Exercise goal: Print out every line of the material exactly. Include no pictures.
»»
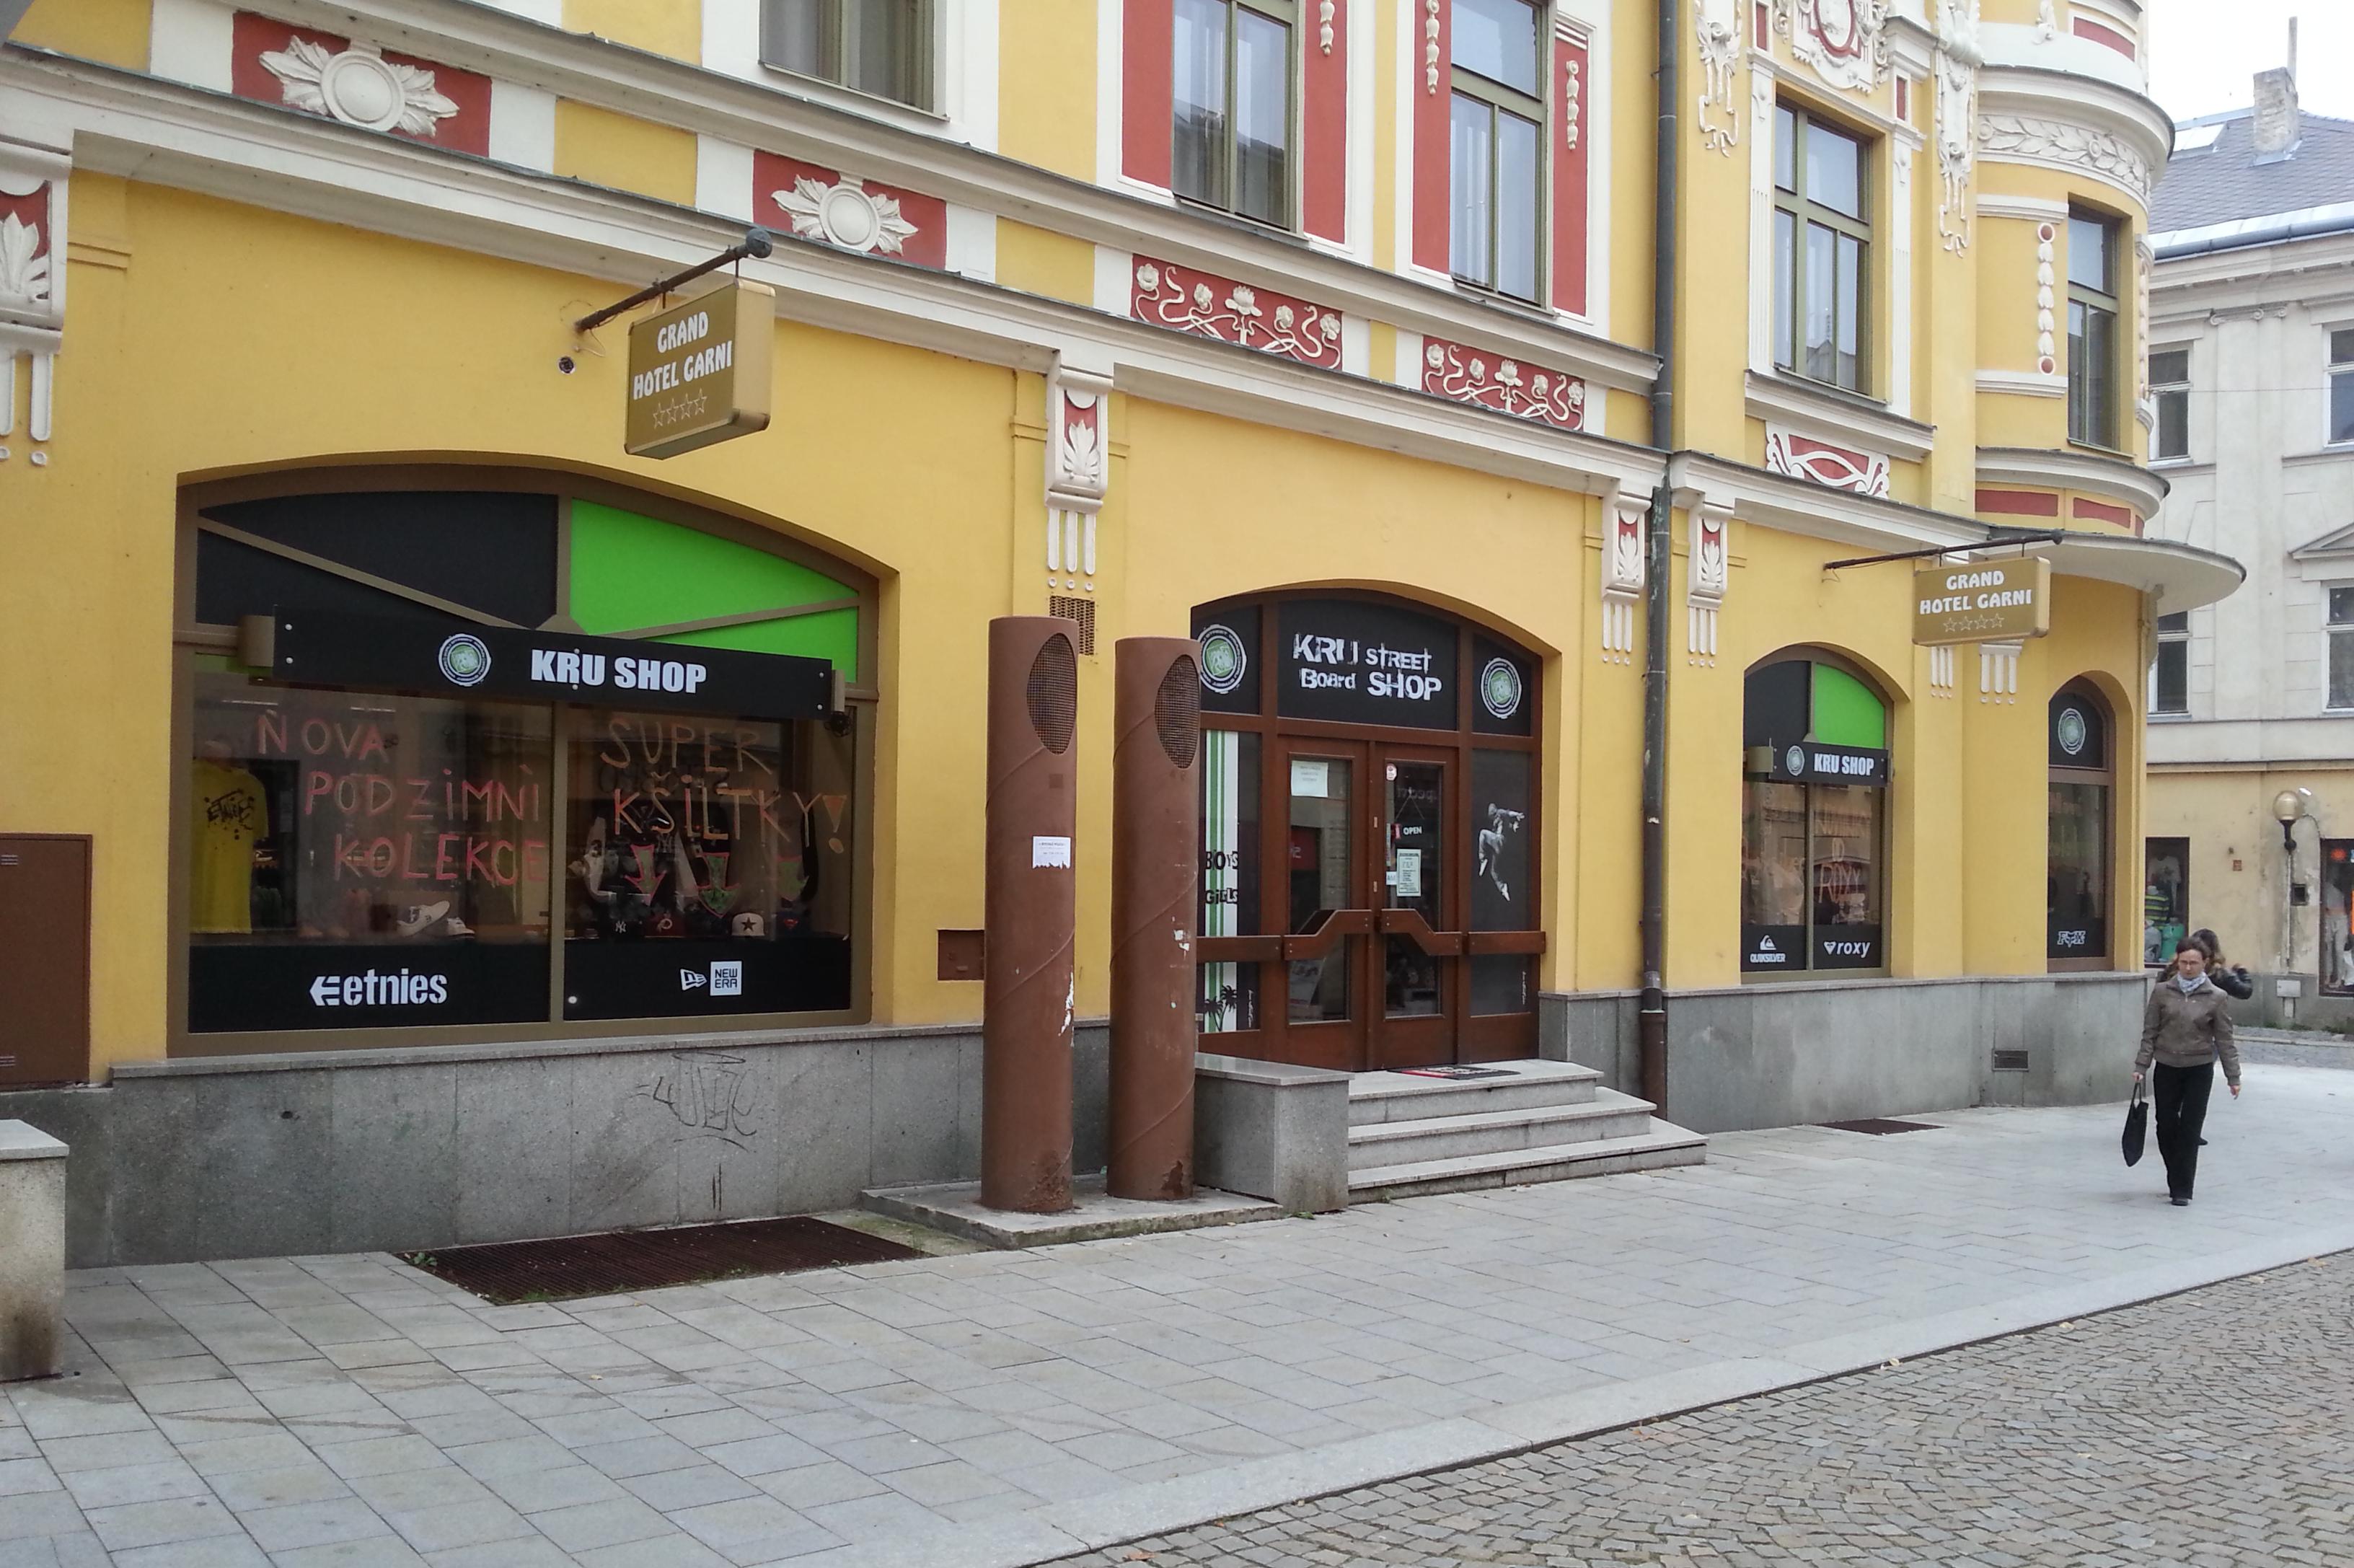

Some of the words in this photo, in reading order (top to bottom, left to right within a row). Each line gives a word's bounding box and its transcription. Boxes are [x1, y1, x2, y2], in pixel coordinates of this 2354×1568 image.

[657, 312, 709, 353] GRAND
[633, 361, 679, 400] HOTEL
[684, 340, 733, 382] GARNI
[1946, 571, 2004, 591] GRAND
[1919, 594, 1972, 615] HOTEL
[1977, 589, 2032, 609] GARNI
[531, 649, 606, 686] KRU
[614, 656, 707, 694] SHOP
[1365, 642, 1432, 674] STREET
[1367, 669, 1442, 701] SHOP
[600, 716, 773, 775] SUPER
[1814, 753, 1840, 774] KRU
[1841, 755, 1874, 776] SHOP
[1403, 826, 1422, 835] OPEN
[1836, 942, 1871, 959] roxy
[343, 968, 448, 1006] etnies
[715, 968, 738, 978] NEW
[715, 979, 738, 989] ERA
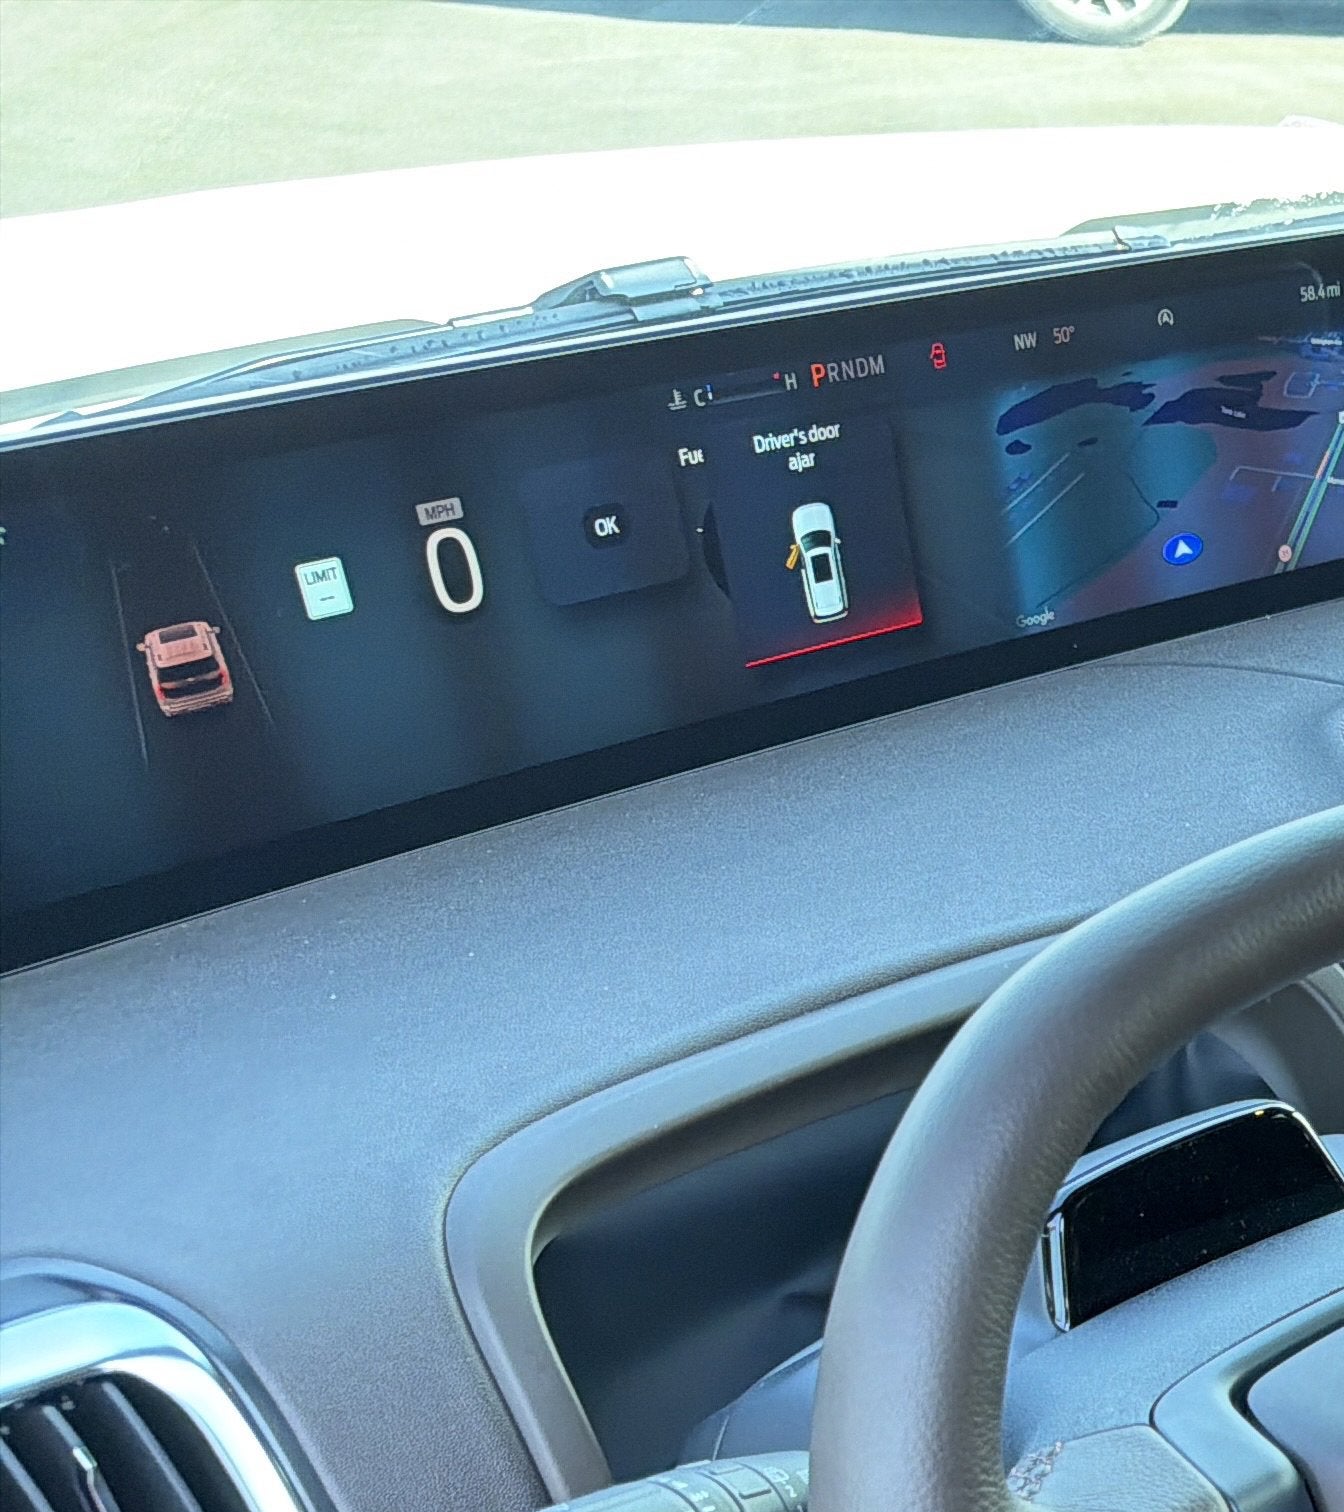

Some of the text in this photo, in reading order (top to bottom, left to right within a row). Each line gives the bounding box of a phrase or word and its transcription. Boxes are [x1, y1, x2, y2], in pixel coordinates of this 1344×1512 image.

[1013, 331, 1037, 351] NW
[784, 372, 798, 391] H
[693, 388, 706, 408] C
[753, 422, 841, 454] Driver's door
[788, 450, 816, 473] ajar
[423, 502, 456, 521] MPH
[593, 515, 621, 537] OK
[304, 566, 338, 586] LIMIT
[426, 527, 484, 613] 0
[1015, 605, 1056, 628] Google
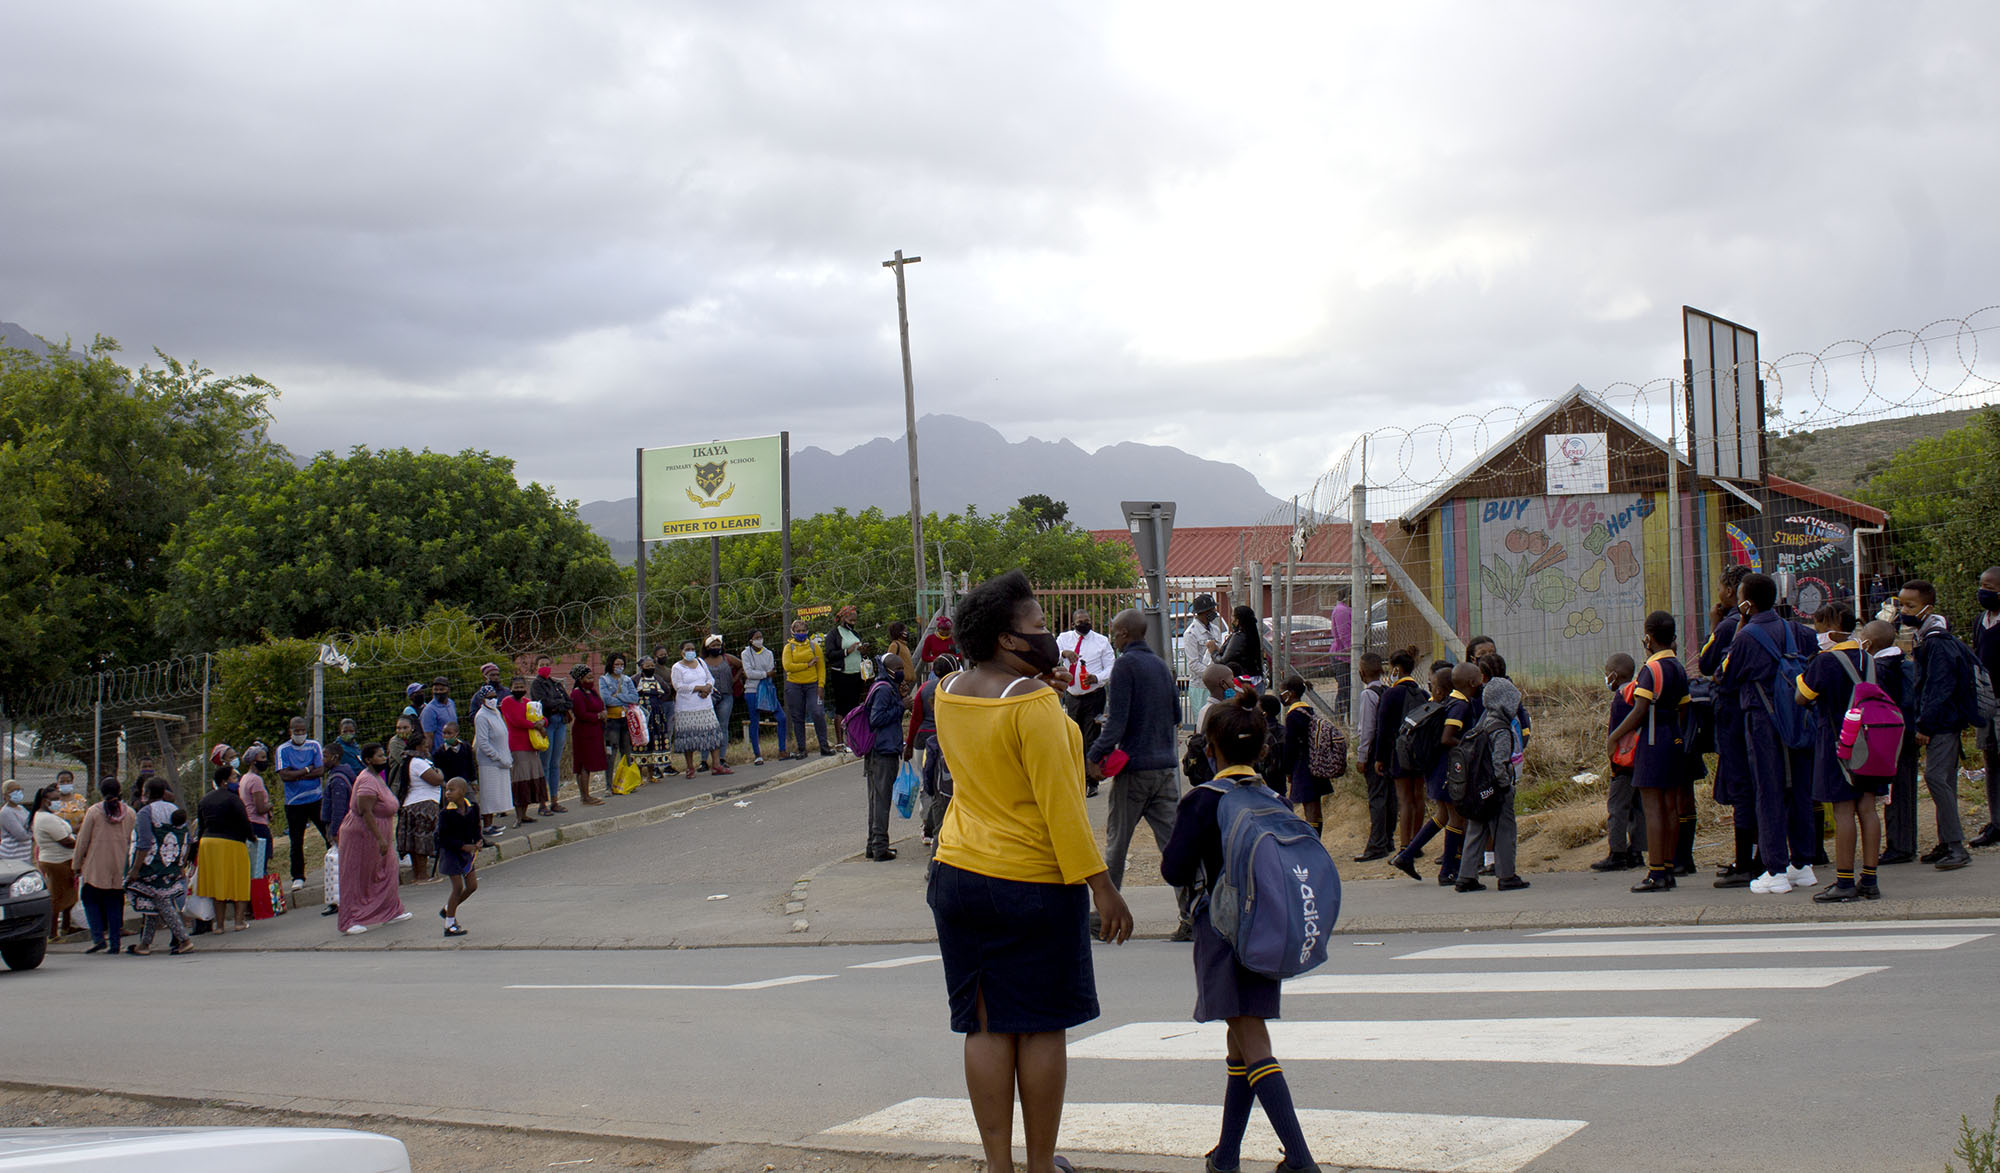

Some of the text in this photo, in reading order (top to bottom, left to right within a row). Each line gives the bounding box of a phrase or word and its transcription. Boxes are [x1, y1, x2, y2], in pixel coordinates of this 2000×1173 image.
««
Answer to the problem:
Some of the words in this photo, in reading order (top to bottom, left to right within a row). Each line gives a word's bounding box and its transcription. Boxes are [x1, y1, x2, y2], in pixel coordinates of this 2354×1568 image.

[657, 312, 709, 353] GRAND
[633, 361, 679, 400] HOTEL
[684, 340, 733, 382] GARNI
[1946, 571, 2004, 591] GRAND
[1919, 594, 1972, 615] HOTEL
[1977, 589, 2032, 609] GARNI
[531, 649, 606, 686] KRU
[614, 656, 707, 694] SHOP
[1365, 642, 1432, 674] STREET
[1367, 669, 1442, 701] SHOP
[600, 716, 773, 775] SUPER
[1814, 753, 1840, 774] KRU
[1841, 755, 1874, 776] SHOP
[1403, 826, 1422, 835] OPEN
[1836, 942, 1871, 959] roxy
[343, 968, 448, 1006] etnies
[715, 968, 738, 978] NEW
[715, 979, 738, 989] ERA

Some of the text in this photo, in reading order (top to bottom, left to right within a row). Each line gives the bounding box of a phrase or word and its transcription. Boxes are [x1, y1, x2, y2], in pixel coordinates of this 1344×1512 image.

[1013, 331, 1037, 351] NW
[784, 372, 798, 391] H
[693, 388, 706, 408] C
[753, 422, 841, 454] Driver's door
[788, 450, 816, 473] ajar
[423, 502, 456, 521] MPH
[593, 515, 621, 537] OK
[304, 566, 338, 586] LIMIT
[426, 527, 484, 613] 0
[1015, 605, 1056, 628] Google

Some of the text in this photo, in reading order (top to bottom, left to right within a row). Each line gives the bounding box of a phrase or word and its transcription. Boxes are [x1, y1, x2, y2], in pixel coordinates of this 2000×1173 image.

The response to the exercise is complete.